Screening Substrates
Another common use of AARON is to make predictions for a given ligand/catalyst for different substrates. This can be done for any substrate that can be formed by performing substitutions on the substrate present in the TS template library. The substitutions are specified within the a '&Substrates' section of the AARON input file.
We will again use the bipyridine-N,N'-dioxide catalyzed allylation of aromatic aldehydes as an example. This time, however, we'll consider benzaldehydes with substitutions at atom 14:
Note that you need always to specify at least one ligand. This ligand can be just the ligand present in the TS library ('None') or some new ligand or substituted ligand.

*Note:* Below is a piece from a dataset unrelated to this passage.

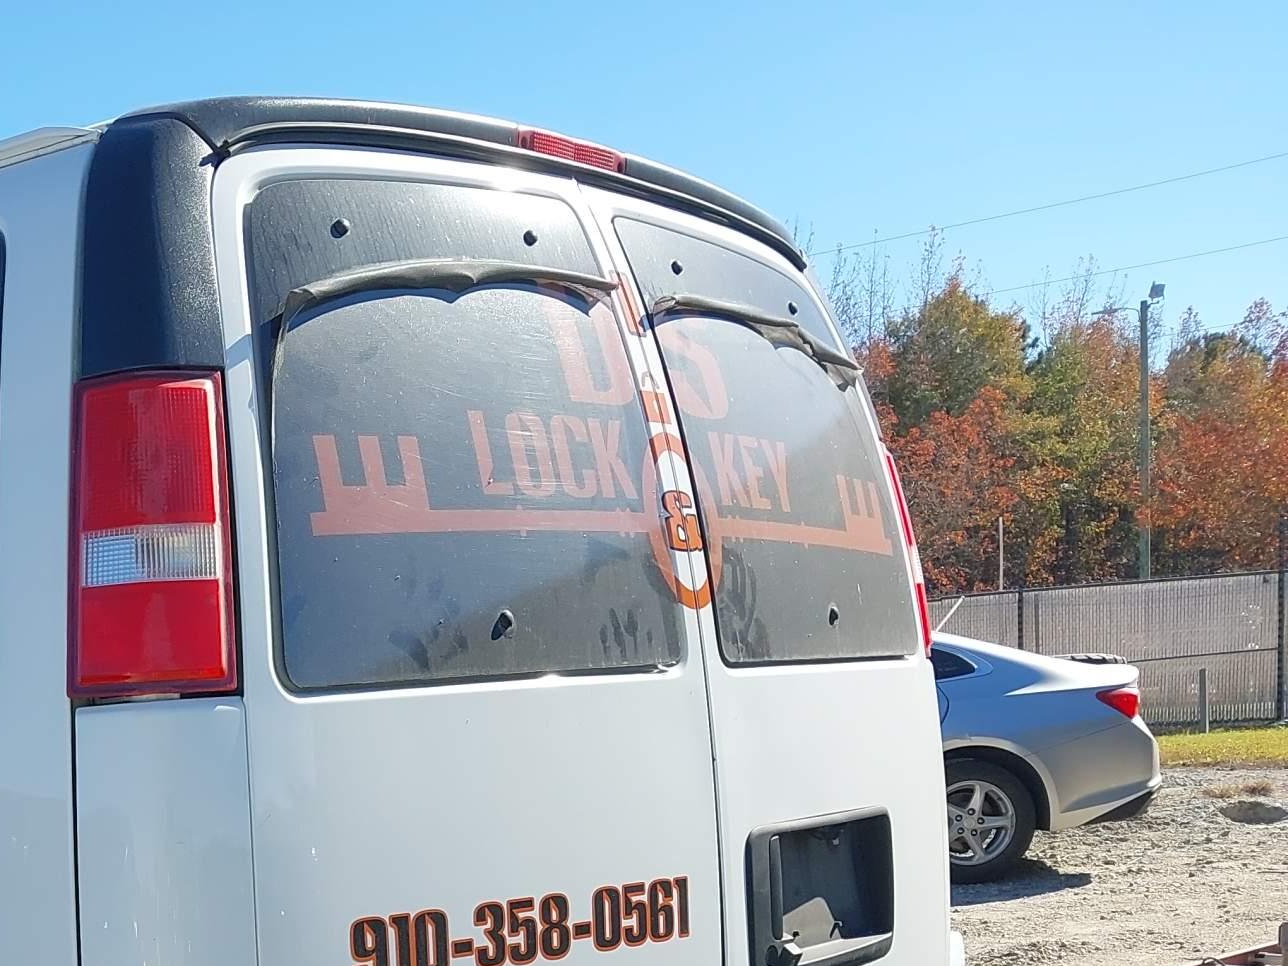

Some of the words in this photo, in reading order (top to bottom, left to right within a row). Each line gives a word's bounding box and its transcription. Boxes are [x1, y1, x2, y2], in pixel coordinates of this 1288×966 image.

[467, 409, 639, 499] LOCK
[661, 489, 703, 553] &
[707, 431, 791, 513] KEY

The input file below will request all TS structures be computed for the allylation of substituted benzaldehyde for substrates constructed by replacing atom 14 with CN and F using the ligand present in the TS library (bipyridine-N,N'-dioxide):
reaction_type=Allylation template=NN-dioxide_example charge=1 method=b97d denfit=true basis=6-31G &Ligands Cat1: None & &Substrates Sub1: 14=CN Sub2: 14=F &
AARON can also screen multiple catalysts/ligands over multiple substrates.
We will consider the same two substrates as in Example 1, but now we will make predictions for bi-isoquinoline-N,N'-dioxide and a fluorinated analogue.
reaction_type=Allylation template=NN-dioxide_example charge=1 method=b97d denfit=true basis=6-31G &Ligands Cat3: ligand=bi-isoquinoline-NN-dioxide Cat4: ligand=bi-isoquinoline-NN-dioxide 14=F 17=F & &Substrates Sub1: 14=CN Sub2: 14=F &
Note that AARON will actually make predictions for six different systems. First, it will compute all TS structures for the new catalysts with the original substrate found in the TS library:
Cat3/Cat3 Cat4/Cat4
It will then use these structures as templates for the two new catalysts applied to the two new substrates formed by performing the requested substitutions:
Cat3/Cat3-Sub1 Cat3/Cat3-Sub2 Cat4/Cat4-Sub1 Cat4/Cat4-Sub2
In general, AARON will also automatically detect and rotate any rotatable substituent on the catalyst/ligand (regardless of whether you added it or not!).
For the substrate, however, only newly added substituents will be rotated. This has important implications when you replace equivalent hydrogens.
For instance, suppose you have a TS library with a Me group on the substrate. If you want to make predictions for a benzyl group at this position, your first instinct might be to request that AARON replace one of the hydrogens of the Me group with Ph. However, this will result in AARON only considering rotamers of the added Ph group. In reality, you will want to consider the rotamers of the new benzyl group. As such, in such cases you should request that AARON replace the Me group with Bn.